*** Opening of Records for the exercise ***
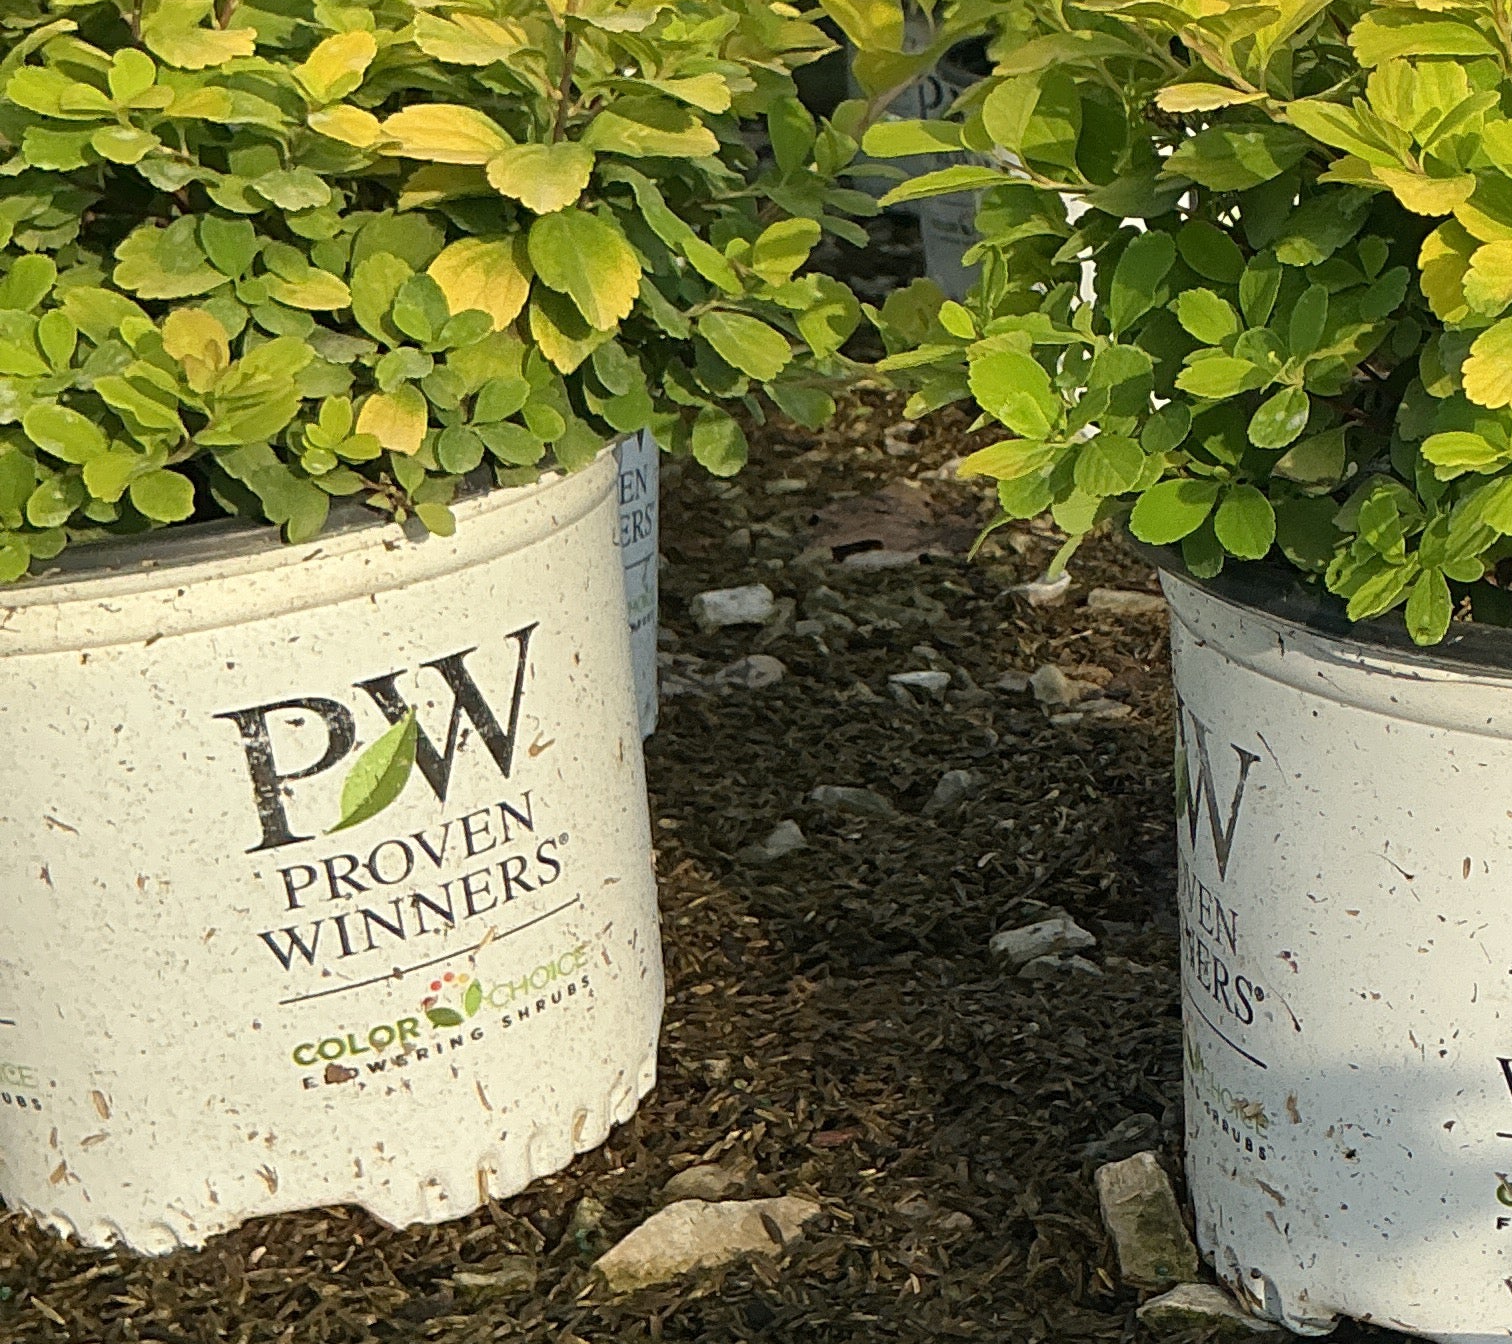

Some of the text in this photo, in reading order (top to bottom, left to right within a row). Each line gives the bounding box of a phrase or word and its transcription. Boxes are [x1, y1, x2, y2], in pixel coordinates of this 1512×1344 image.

[212, 621, 540, 855] PW
[1177, 687, 1260, 883] W
[276, 789, 535, 911] PROVEN
[292, 943, 589, 1067] COLOR CHOICE
[501, 974, 591, 1029] SHRUBS
*** Close of Records for the exercise ***
◆ What to produce: Could you please return the entries above exactly, minus the pictures?

◆ Task response:
Some of the text in this photo, in reading order (top to bottom, left to right within a row). Each line gives the bounding box of a phrase or word and its transcription. Boxes are [x1, y1, x2, y2], in pixel coordinates of this 1512×1344 image.

[212, 621, 540, 855] PW
[1177, 687, 1260, 883] W
[276, 789, 535, 911] PROVEN
[292, 943, 589, 1067] COLOR CHOICE
[501, 974, 591, 1029] SHRUBS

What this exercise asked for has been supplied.